My sweetie, making photo history by photographing the Pulitzer Prize journalism judging — his idea!
By Caitlin Kelly
In the romantic sense, anyway.
I see a lot of anguish among my friends who are single, no matter their age. One is desperate to have children but has no partner. Another has had her heart broken a few too many times.
Another already knows men her age insist on dating women decades younger.
One of my Sunday morning pleasures is reading The New York Times wedding announcements, aka the social box scores. I admit it — my mother’s wedding and both of mine made the cut. And, for every kindergarten teacher marrying an investment banker, or a Harvard-educated physicist marrying a former White House speechwriter, there are a few fun couples you just want to cheer for, like the 71-year-old therapist and mandolin player who married an 80-year-old — and met him while sharing their love of vintage Porsches.
I married for the first time at 35 and he bailed after barely two years, re-married to a colleague within a year.
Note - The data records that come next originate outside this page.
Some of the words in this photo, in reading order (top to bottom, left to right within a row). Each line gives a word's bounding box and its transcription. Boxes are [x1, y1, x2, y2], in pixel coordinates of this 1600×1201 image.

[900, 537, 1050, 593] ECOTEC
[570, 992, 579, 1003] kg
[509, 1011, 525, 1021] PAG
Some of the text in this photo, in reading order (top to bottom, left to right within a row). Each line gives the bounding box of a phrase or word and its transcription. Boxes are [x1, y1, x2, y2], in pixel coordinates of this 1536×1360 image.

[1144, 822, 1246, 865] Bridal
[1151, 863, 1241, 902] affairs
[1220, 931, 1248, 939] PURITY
He was “perfect on paper” — a tall, handsome, medical student who played clarinet and guitar and also loved to travel. But it was not to be.
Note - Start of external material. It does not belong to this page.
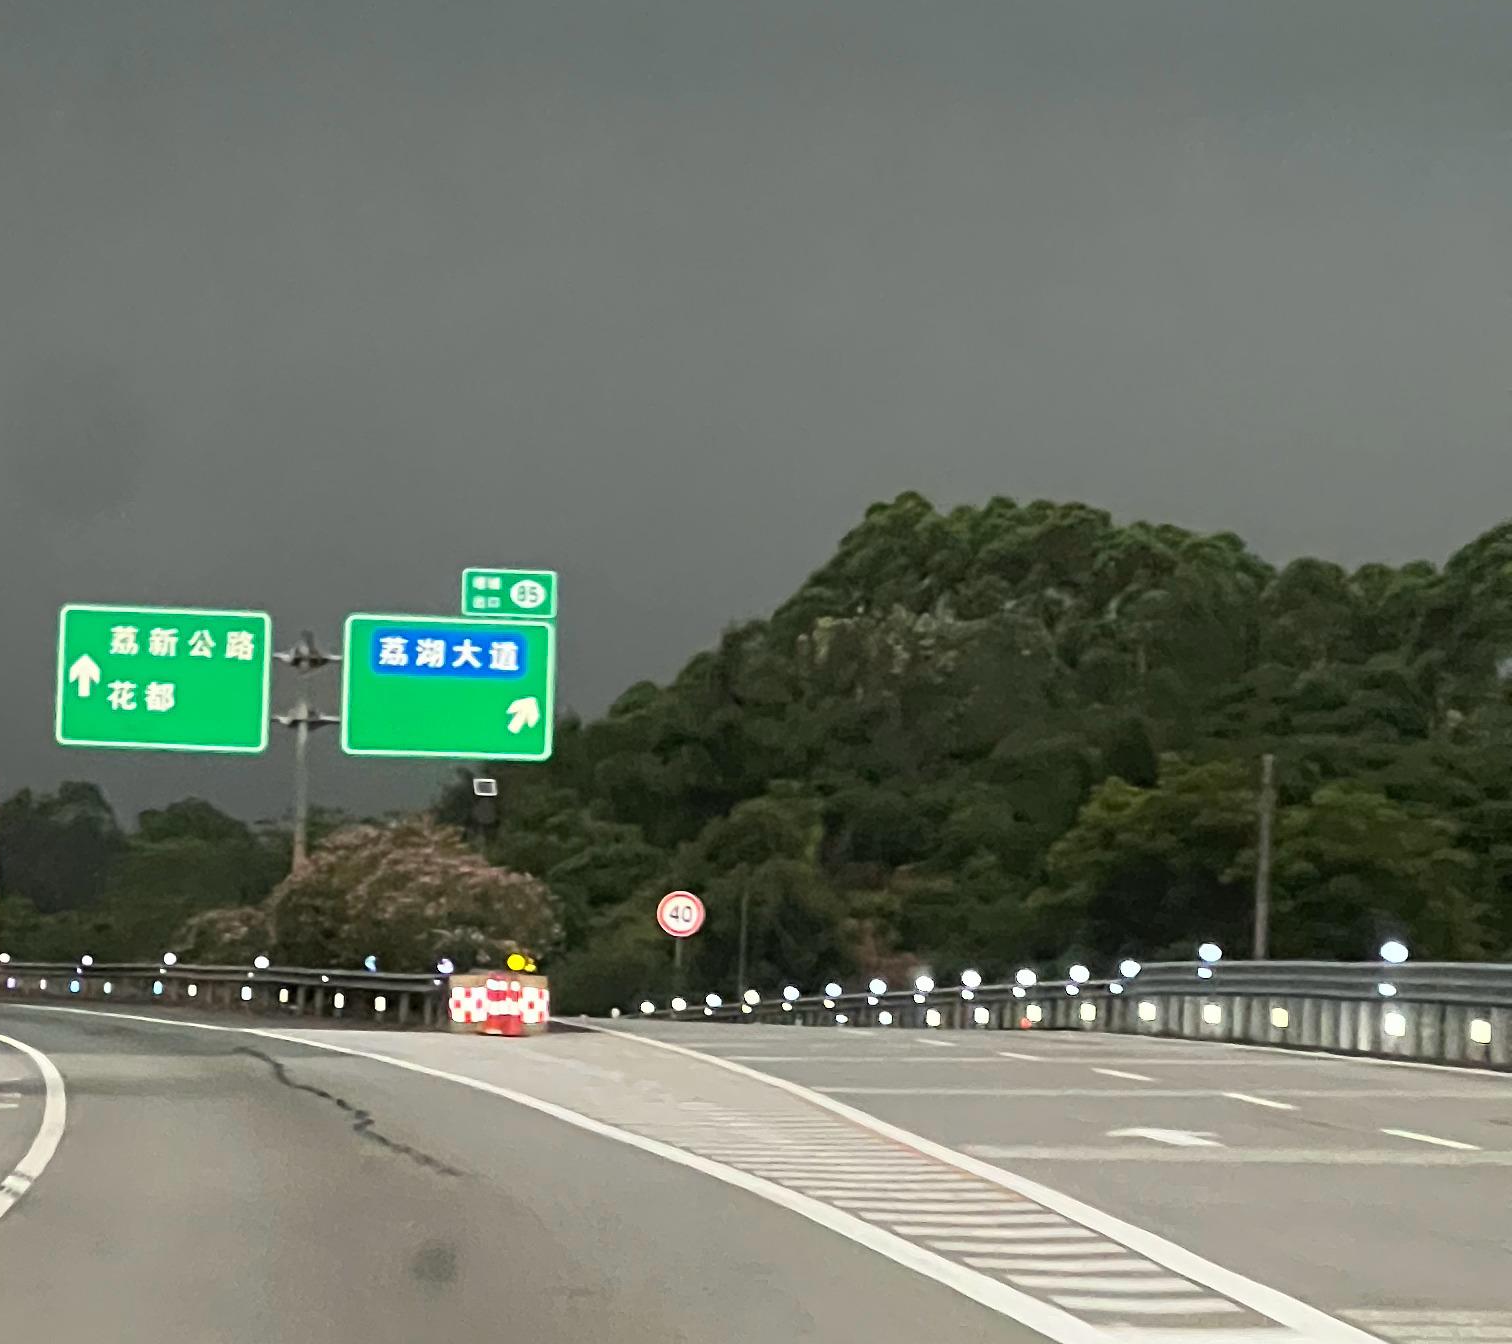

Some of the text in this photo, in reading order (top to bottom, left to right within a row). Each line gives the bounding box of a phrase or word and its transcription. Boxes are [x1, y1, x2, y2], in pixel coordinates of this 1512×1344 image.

[109, 625, 256, 662] 荔新公路
[378, 635, 520, 671] 荔湖大道
[106, 680, 176, 712] 花都
[669, 905, 693, 923] 40
Divorced (no kids) for six years, I had plenty of time to re-think who or what I most wanted — as I missed being married. One of my hopes (realized!) was to find a partner who was interesting, well-traveled, accomplished yet also modest. In New York, that’s almost impossible; I was way out of most leagues, not having an Ivy degree, let alone several.
In those years I dated a computer geek of Greek origin, a ship’s engineer and a Jewish man whose parents’ first question to me was: “Are you Catholic?” (No.)
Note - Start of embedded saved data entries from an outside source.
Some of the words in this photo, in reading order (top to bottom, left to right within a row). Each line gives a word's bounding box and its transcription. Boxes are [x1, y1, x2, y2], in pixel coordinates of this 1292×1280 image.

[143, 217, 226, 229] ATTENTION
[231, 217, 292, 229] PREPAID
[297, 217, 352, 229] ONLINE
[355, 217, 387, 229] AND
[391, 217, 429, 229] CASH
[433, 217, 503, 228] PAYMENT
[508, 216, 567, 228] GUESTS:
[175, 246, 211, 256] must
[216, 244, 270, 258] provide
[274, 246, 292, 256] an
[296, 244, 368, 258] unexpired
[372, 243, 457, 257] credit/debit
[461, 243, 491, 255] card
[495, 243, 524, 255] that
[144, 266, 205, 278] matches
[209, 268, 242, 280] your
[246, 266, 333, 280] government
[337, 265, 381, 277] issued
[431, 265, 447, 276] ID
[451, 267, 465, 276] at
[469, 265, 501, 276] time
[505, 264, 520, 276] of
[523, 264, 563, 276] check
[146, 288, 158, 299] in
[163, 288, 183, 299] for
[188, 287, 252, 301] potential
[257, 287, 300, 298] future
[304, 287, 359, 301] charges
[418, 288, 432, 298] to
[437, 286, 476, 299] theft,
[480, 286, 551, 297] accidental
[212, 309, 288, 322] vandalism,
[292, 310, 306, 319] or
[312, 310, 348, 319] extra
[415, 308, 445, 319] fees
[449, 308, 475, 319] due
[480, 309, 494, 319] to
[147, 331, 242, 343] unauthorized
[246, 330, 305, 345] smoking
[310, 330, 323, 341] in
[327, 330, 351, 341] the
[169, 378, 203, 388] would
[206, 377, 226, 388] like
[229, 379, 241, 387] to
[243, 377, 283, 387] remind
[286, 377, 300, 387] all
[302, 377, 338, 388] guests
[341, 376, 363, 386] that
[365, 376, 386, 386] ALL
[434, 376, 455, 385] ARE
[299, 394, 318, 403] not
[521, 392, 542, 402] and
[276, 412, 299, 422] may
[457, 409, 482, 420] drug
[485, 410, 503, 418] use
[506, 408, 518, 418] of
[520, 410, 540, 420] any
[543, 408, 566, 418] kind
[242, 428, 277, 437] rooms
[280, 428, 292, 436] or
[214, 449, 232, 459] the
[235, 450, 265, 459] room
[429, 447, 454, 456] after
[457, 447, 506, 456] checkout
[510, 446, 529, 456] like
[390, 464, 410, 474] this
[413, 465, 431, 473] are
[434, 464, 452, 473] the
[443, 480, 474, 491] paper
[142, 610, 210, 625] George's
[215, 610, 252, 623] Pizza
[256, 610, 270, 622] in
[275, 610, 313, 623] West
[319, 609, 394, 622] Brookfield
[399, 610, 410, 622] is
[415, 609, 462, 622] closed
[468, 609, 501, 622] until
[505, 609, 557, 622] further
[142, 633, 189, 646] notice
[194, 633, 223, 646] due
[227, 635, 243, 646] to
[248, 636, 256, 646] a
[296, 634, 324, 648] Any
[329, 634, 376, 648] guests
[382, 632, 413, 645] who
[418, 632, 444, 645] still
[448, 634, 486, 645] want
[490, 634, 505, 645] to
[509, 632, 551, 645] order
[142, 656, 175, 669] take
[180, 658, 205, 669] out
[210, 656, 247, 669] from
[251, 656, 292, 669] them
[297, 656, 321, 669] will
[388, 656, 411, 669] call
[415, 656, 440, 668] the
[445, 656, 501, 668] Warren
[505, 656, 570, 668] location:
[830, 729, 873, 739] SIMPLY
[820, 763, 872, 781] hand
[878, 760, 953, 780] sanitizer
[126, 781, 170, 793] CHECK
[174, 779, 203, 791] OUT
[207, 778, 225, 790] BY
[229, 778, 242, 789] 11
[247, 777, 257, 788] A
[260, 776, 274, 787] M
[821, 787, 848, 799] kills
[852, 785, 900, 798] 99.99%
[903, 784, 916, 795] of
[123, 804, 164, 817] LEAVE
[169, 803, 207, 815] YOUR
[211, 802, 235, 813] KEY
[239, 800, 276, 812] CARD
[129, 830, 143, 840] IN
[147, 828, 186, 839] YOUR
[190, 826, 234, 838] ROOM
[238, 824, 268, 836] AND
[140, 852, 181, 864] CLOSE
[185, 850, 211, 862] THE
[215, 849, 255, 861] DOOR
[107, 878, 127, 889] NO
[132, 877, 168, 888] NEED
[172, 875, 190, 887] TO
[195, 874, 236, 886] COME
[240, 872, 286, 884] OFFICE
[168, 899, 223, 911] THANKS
I met a few charming liars, as anyone does when meeting people on-line. Even a convicted con man. Terrifying!
Then I wrote about online dating — still a novelty then — for Mademoiselle, a now-defunct national women’s magazine. My profile headline read, truthfully: Catch Me If You Can. Jose, now my husband, liked the challenge and we met and…that was it!
In sickness, surgery and in health…
We would never have met any other way, as he lived 30 miles south of me in Brooklyn and worked full-time, an odd schedule, at The New York Times. The day he was to have moved in with me was 9/11.
Yes, the 9/11.
Our first few years weren’t smooth. We loved one another, but were tough, prickly, set in our ways and, typical of successful journalists, extremely competitive. Whew!
But we’ve also always been quick to laugh, to hug, to forgive. We share a ferocious work ethic. We love to mentor and entertain, to share what we have with those we love. Our sofa is well-used by visiting younger pals.
We love to travel, whether in a tent (rarely!) or an elegant city hotel. We both have spiritual practices — mine, Episcopal church, his Dzogchen Buddhism; you can see his mala beads on his left wrist below and the stained glass of the tiny wooden church on Toronto’s Centre Island.
September 2011
It’s never easy or simple to find a great match, especially later in life as career and education and children enter the picture and each of which can make a commitment more challenging.
I was unhappily single for years in Toronto because I knew I really wanted to move to New York — and who would move with me, legally? It all worked out (moved here with first husband who I met in Montreal), but who knew at the time?
I’m so grateful for how it worked out.